CBD is frequently initially misdiagnosed as Parkinson's disease, particularly when the presentation is predominantly motor. The extreme asymmetry, cortical features (apraxia, cortical sensory loss), and alien limb phenomenon are the strongest clinical clues. Definitive diagnosis currently requires neuropathological examination, though clinical diagnostic criteria continue to improve. Average survival from symptom onset is approximately 6 to 8 years.

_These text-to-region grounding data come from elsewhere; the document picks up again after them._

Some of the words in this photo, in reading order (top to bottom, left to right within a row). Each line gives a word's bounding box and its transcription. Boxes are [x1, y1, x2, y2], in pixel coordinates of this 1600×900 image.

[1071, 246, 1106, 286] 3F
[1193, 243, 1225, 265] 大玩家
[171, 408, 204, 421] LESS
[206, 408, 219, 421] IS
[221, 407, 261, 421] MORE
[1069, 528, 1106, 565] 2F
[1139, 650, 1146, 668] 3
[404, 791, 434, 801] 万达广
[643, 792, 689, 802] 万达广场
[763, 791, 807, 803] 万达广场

Dementia with Lewy Bodies (DLB)

Dementia with Lewy bodies is the second most common cause of neurodegenerative dementia after Alzheimer's disease, accounting for approximately 5 to 10 percent of all dementia cases. Like PD, DLB involves alpha-synuclein accumulation in the brain (Lewy bodies), and the two conditions exist on a spectrum of Lewy body disease. The critical distinction is in the timing of cognitive versus motor symptoms:

  • In DLB, cognitive impairment and dementia develop before or at the same time as motor parkinsonism (within one year of each other, the “one-year rule”).
  • In Parkinson's disease dementia (PDD), motor parkinsonism precedes cognitive decline by more than one year.

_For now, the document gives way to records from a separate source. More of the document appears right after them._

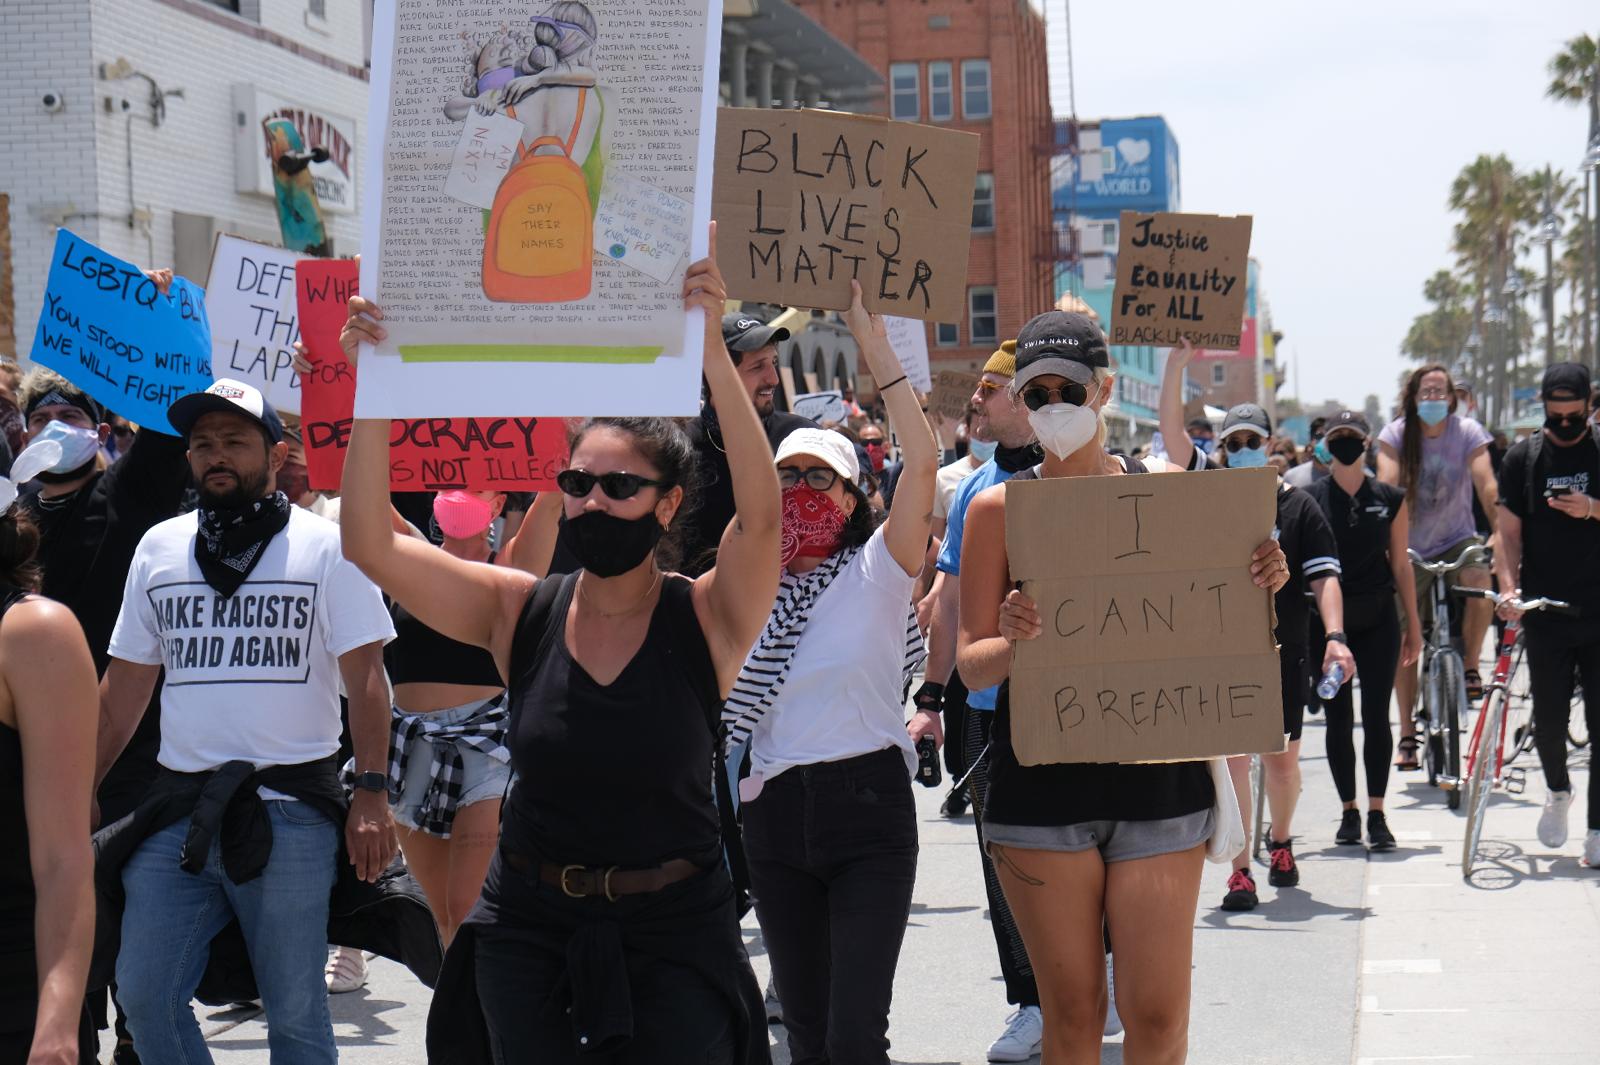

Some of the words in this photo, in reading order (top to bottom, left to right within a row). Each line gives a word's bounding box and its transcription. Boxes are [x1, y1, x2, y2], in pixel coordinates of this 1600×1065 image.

[427, 20, 458, 30] GURLEY
[499, 8, 529, 16] MANN
[648, 9, 703, 17] ANDERSON
[737, 129, 938, 209] BLACK
[1094, 177, 1152, 196] WORLD
[527, 202, 553, 214] SAY
[749, 189, 901, 259] LIVES
[521, 219, 561, 231] THEIR
[1132, 218, 1209, 252] Justice
[520, 237, 565, 249] NAMES
[62, 241, 158, 311] LGBTQ
[749, 240, 932, 312] MATTER
[1167, 295, 1203, 321] ALL
[43, 324, 73, 356] WE
[80, 347, 118, 387] WILL
[88, 324, 144, 363] STOOD
[155, 352, 191, 374] WITH
[1024, 339, 1045, 349] SWIM
[1049, 338, 1079, 346] NAKED
[309, 360, 354, 385] FOR
[421, 456, 470, 483] NOT
[1114, 493, 1154, 560] I
[212, 595, 309, 629] RACISTS
[1055, 582, 1229, 638] CAN'T
[229, 636, 300, 668] AGAIN
[1054, 683, 1264, 735] BREATHE

Whether DLB and PDD are truly separate diseases or different presentations of a single Lewy body disease spectrum is actively debated among researchers. Many now view them as part of a continuum.

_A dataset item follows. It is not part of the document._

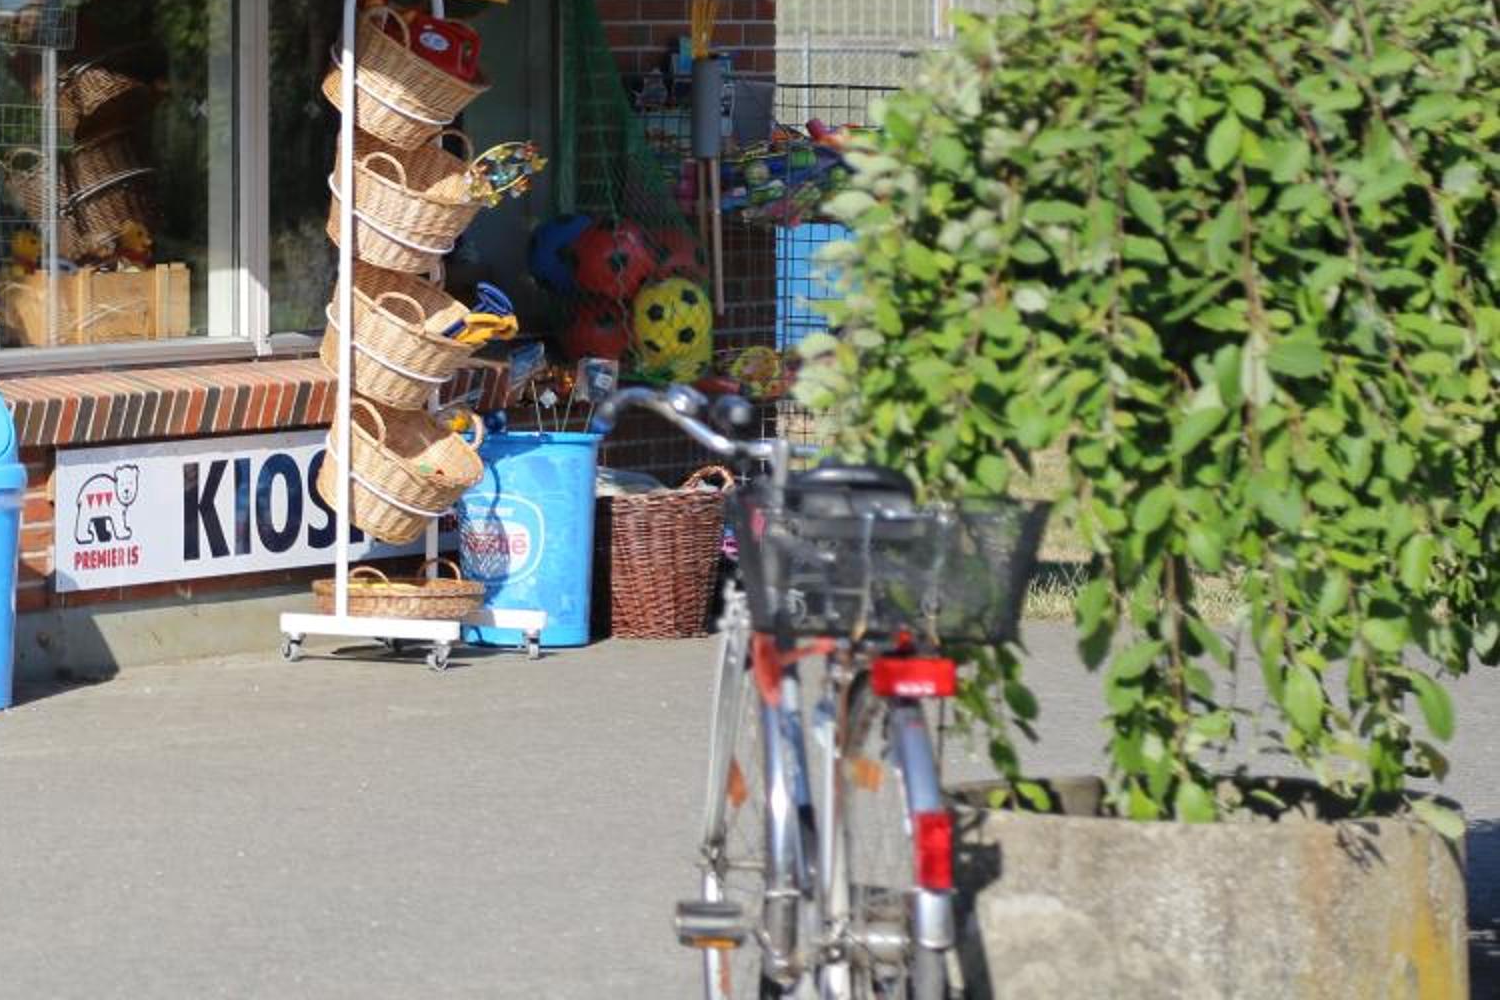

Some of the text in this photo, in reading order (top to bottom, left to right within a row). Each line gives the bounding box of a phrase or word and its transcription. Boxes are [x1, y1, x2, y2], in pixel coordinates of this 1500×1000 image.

Core clinical features of DLB include:

  • Fluctuating cognition — pronounced day-to-day or even hour-to-hour variations in attention, alertness, and coherent thought; the person may appear almost normal one day and severely confused the next
  • Recurrent well-formed visual hallucinations — typically vivid, detailed images of people, children, or animals; often benign initially but can become distressing
  • REM sleep behavior disorder — acting out dreams; may precede cognitive symptoms by years
  • Parkinsonism — often milder than in IPD; may present with rigidity and bradykinesia but with less prominent resting tremor
  • Extreme sensitivity to antipsychotic medications — neuroleptic hypersensitivity can cause severe, sometimes fatal worsening of symptoms; this is a critical safety consideration

DLB requires specialized management because standard antipsychotic medications can be dangerous. Cholinesterase inhibitors (rivastigmine, donepezil), used for cognitive symptoms, may also reduce hallucinations. Average survival from diagnosis is approximately 5 to 8 years.

Comparison of Major Parkinsonism Types

FeaturePDPSPMSACBDDLB
PathologyAlpha-synuclein (neurons)TauAlpha-synuclein (glia)TauAlpha-synuclein (neurons)
Onset symmetryAsymmetricSymmetric/axialOften symmetricMarkedly asymmetricVariable
Levodopa responseClear, sustainedPoor/absentPoor/transientPoorVariable/mild
Distinctive featureResting tremor, levodopa responseVertical gaze palsy, early fallsEarly severe autonomic failureAlien limb, apraxiaFluctuating cognition, hallucinations
Typical survival>14 years from diagnosis6-9 years from onset6-10 years from diagnosis6-8 years from onset5-8 years from diagnosis
DaTscanAbnormalAbnormalAbnormalAbnormalAbnormal

Secondary Parkinsonism

Secondary parkinsonism refers to parkinsonism caused by an identifiable external factor rather than a primary neurodegenerative process. Unlike the conditions above, some forms of secondary parkinsonism may be partially or fully reversible when the cause is addressed.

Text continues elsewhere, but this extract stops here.